A Manhattan con Daniel Humm

Nella prima parte del suo racconto, il cuoco svizzero ci guida nei luoghi preferiti di New York

05-08-2013
Daniel Humm, chef svizzero dell'Eleven Madison Par

Daniel Humm, chef svizzero dell'Eleven Madison Park di New York, +1.212.8890905, miglior cuoco straniero per la Guida ai Ristoranti di Identità Golose 2013, autore nella stessa di un racconto sulla sua New York del cuore. Oggi ripubblichiamo la prima parte su Manhattan. Domani, Brooklyn

Sono arrivato a New York da San Francisco, dov’ero rimasto 3 anni dopo aver lasciato la Svizzera. Cercavo nuove sfide, nuovi stimoli. Mi era parso subito chiaro cosa fossero gli Stati Uniti: due coste lontane quasi 6mila chilometri, in fondo la stessa distanza che divide l’Europa dall’East Coast americana. Due mondi separati. Anzi, la realtà è che New York è proprio un mondo a parte.

Non c’è dubbio che, in fatto di idee, sia la città più ricettiva del mondo. Mi riferisco al cibo, ma non solo. Tutto cresce alla velocità della luce, e questa è indubbiamente la prima cosa che mi ha colpito arrivato a Manhattan. Nonostante questo, ci sono posti che resistono da anni, molto radicati nel territorio. Vere e proprie icone del mangiare. Insomma, se questa è la città in cui le culture si mischiano, apoteosi del melting pot delle razze, allo stesso tempo è una metropoli che conserva una sua identità definita, orgogliosa della sua tradizione, anche gastronomica.

Russ and Daughters, al 179 di East Houston street, paradiso dei Bagels con cream (foto Wikipedia)

Russ and Daughters, al 179 di East Houston street, paradiso dei Bagels con cream (foto Wikipedia)

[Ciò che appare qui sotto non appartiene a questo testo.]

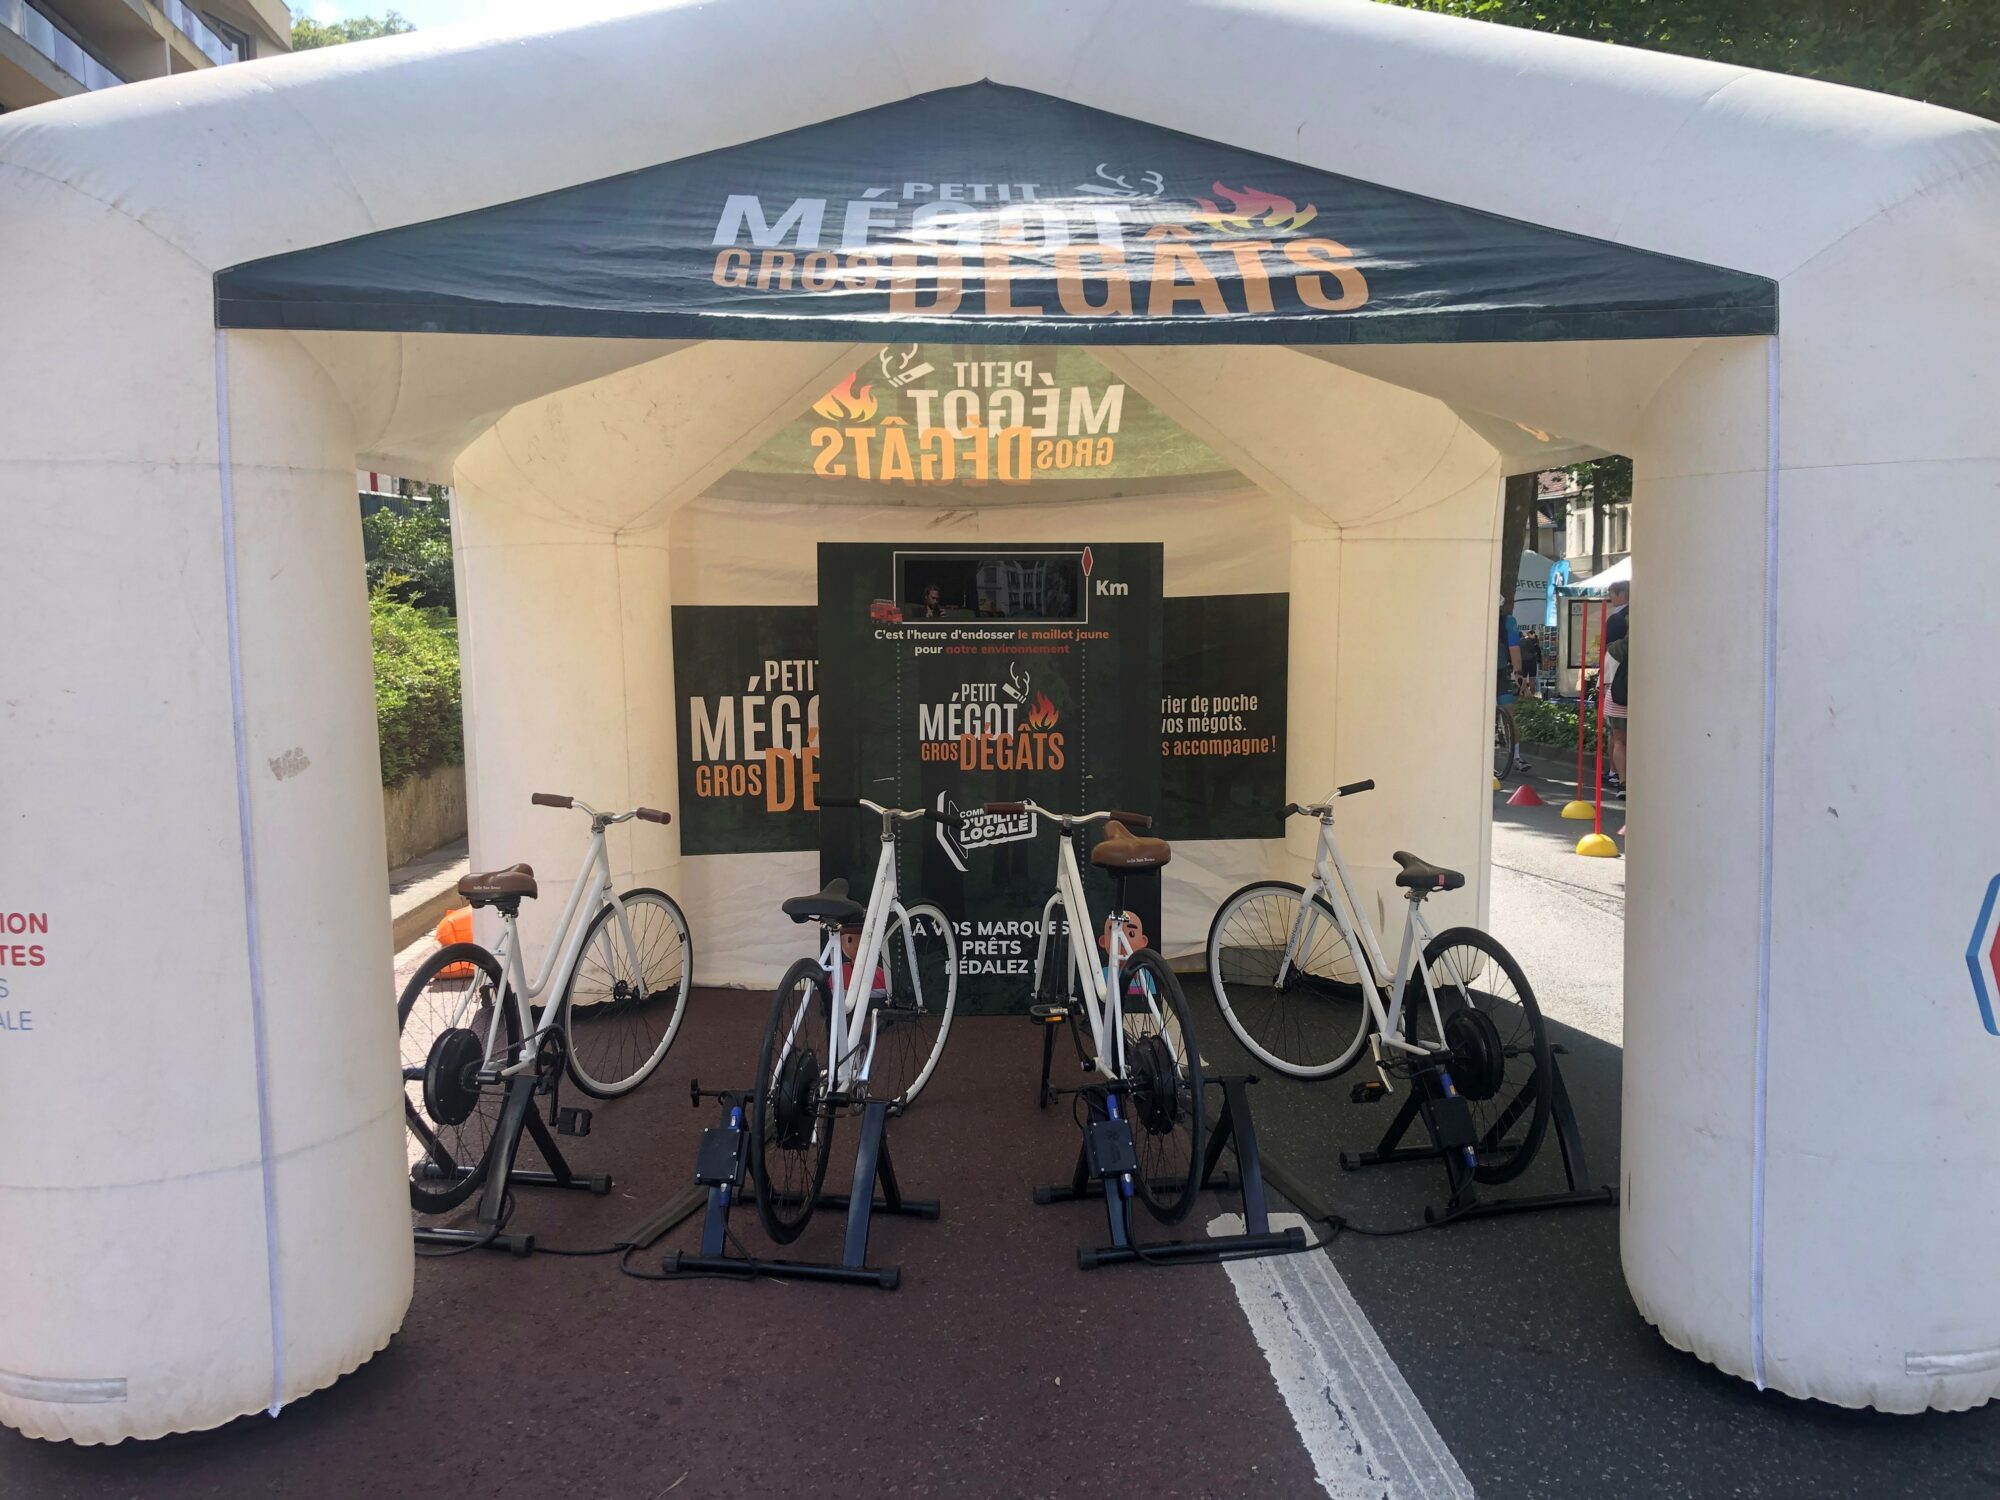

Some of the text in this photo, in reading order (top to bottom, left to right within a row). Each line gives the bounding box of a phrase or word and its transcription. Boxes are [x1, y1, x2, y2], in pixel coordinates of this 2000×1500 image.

[902, 182, 1041, 201] PETIT
[712, 187, 1133, 252] MÉGOT
[711, 224, 1369, 316] GROS DÉGÂTS
[1096, 579, 1129, 596] Km
[874, 629, 1110, 641] C'est l'heure d'endosser le maillot jaune
[914, 644, 1070, 656] pour notre environnement
[764, 660, 819, 692] PETI
[961, 683, 997, 702] PETIT
[1191, 695, 1209, 713] de
[1213, 694, 1258, 714] poche
[919, 692, 1018, 741] MÉGOT
[1187, 713, 1247, 734] mégots.
[921, 722, 1065, 771] GROS DÉGÂTS
[1173, 737, 1269, 757] accompagne
[695, 764, 762, 797] GROS
[961, 819, 1029, 842] LOCALE
[978, 921, 1070, 938] MARQUES
[962, 937, 1022, 954] PRÊTS
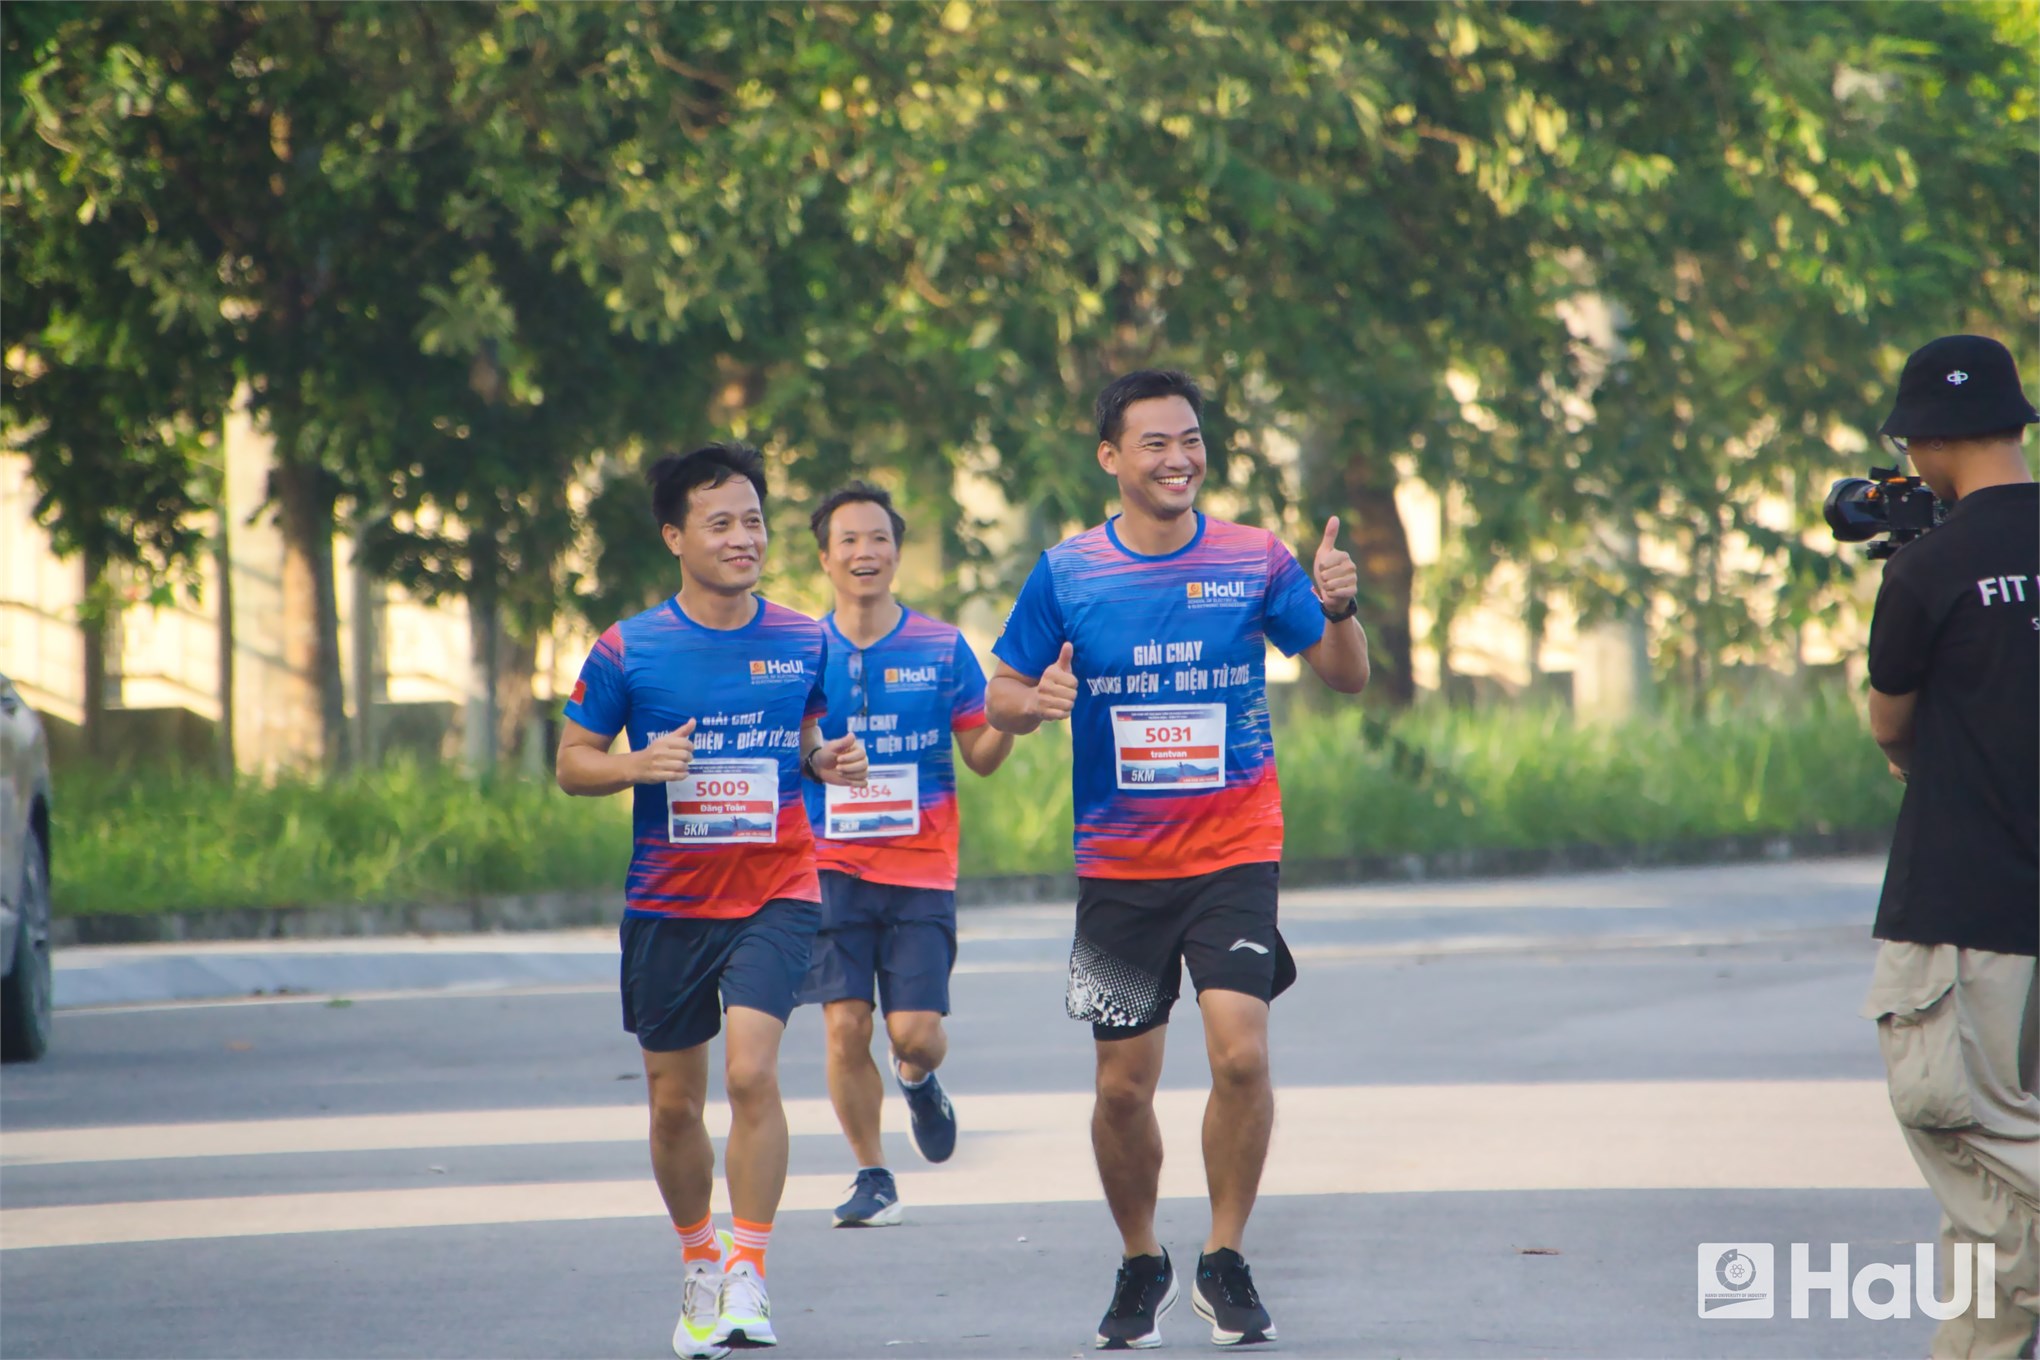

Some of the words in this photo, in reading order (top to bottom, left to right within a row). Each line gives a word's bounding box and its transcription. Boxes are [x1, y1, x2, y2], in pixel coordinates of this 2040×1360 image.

[1204, 581, 1245, 598] HaUI
[1977, 575, 2028, 606] FIT
[1134, 639, 1162, 666] GIẢI
[1166, 640, 1203, 666] CHẠY
[768, 660, 804, 674] HaUI
[900, 667, 936, 683] HaUI
[1175, 667, 1208, 695] ĐIỆN
[1145, 727, 1191, 743] 5031
[1150, 750, 1187, 758] trantvan
[1131, 769, 1155, 782] 5KM
[696, 781, 749, 797] 5009
[850, 785, 892, 798] 5054
[684, 824, 709, 836] 5KM

Quando ho tempo, la mia giornata comincia con una passeggiata in bicicletta assieme alla famiglia. Mi piace fare colazione a casa con frutta e granola, quella che prepariamo noi a Eleven Madison Park e che regaliamo ai clienti a fine cena per la colazione del giorno dopo. Diverso il rito del brunch, che a New York è una tradizione del sabato e della domenica. Io adoro Russ and Daughters nel Lower East Side, uno di quei posti della tradizione di cui facevo cenno: Joel Russ, immigrato ebreo polacco, aprì il suo primo emporio nel 1914. I suoi bagels with cream cheese sono i migliori del mondo.

Per pranzo, spesso un panino è quello che ci vuole e io non posso fare a meno di quelli di Parm a NoLita e di No.7 Sub a Mid Town nell’Ace Hotel, succursale del negozio aperto da anni a Greenpoint nell’estremo nord di Brooklyn. In una giornata senza grandi impegni mi piace concludere con le tapas di Aldea, ma anche con un riso thai al curry a casa mia. Per il caffè consiglio Stumptown, a 5 isolati da Eleven Madison Park. E se ho voglia di un gelato c’è un truck di Van Leeuwen proprio in Madison square: usa esclusivamente prodotti locali per il suo gelato artigianale, e ha 6 furgoncini che parcheggiano sempre negli stessi posti tra Manhattan e Brooklyn.

Mario Carbone e Rich Torrisi, co-patron di Torrisi, 2 stelle Michelin

Mario Carbone e Rich Torrisi, co-patron di Torrisi, 2 stelle Michelin

Le mie zone preferite della città sono Soho, Nolita, Chelsea, Lower East Side e West Village. Mi piace percorrerle con mia moglie e mia figlia. Porto anche loro nei miei ristoranti preferiti della città come Torrisi, che fa una cucina che potremmo chiamare italo-americana. Il menu degustazione è spettacolare proprio perché combina i classici delle due tradizioni con quel tocco di modernità che New York sa offrire nel cibo. L’ambiente è molto familiare, sembra quasi una casa privata: è piccolo, molto intimo, assolutamente delizioso. Semplice ma creativo, classico ma innovativo. Abc Kitchen (35 East 18th street, +1.212.4755829) è invece il paradiso del biologico perché qui sanno come mettere i prodotto locali e di stagione al centro dell’attenzione e il locale è superlativo.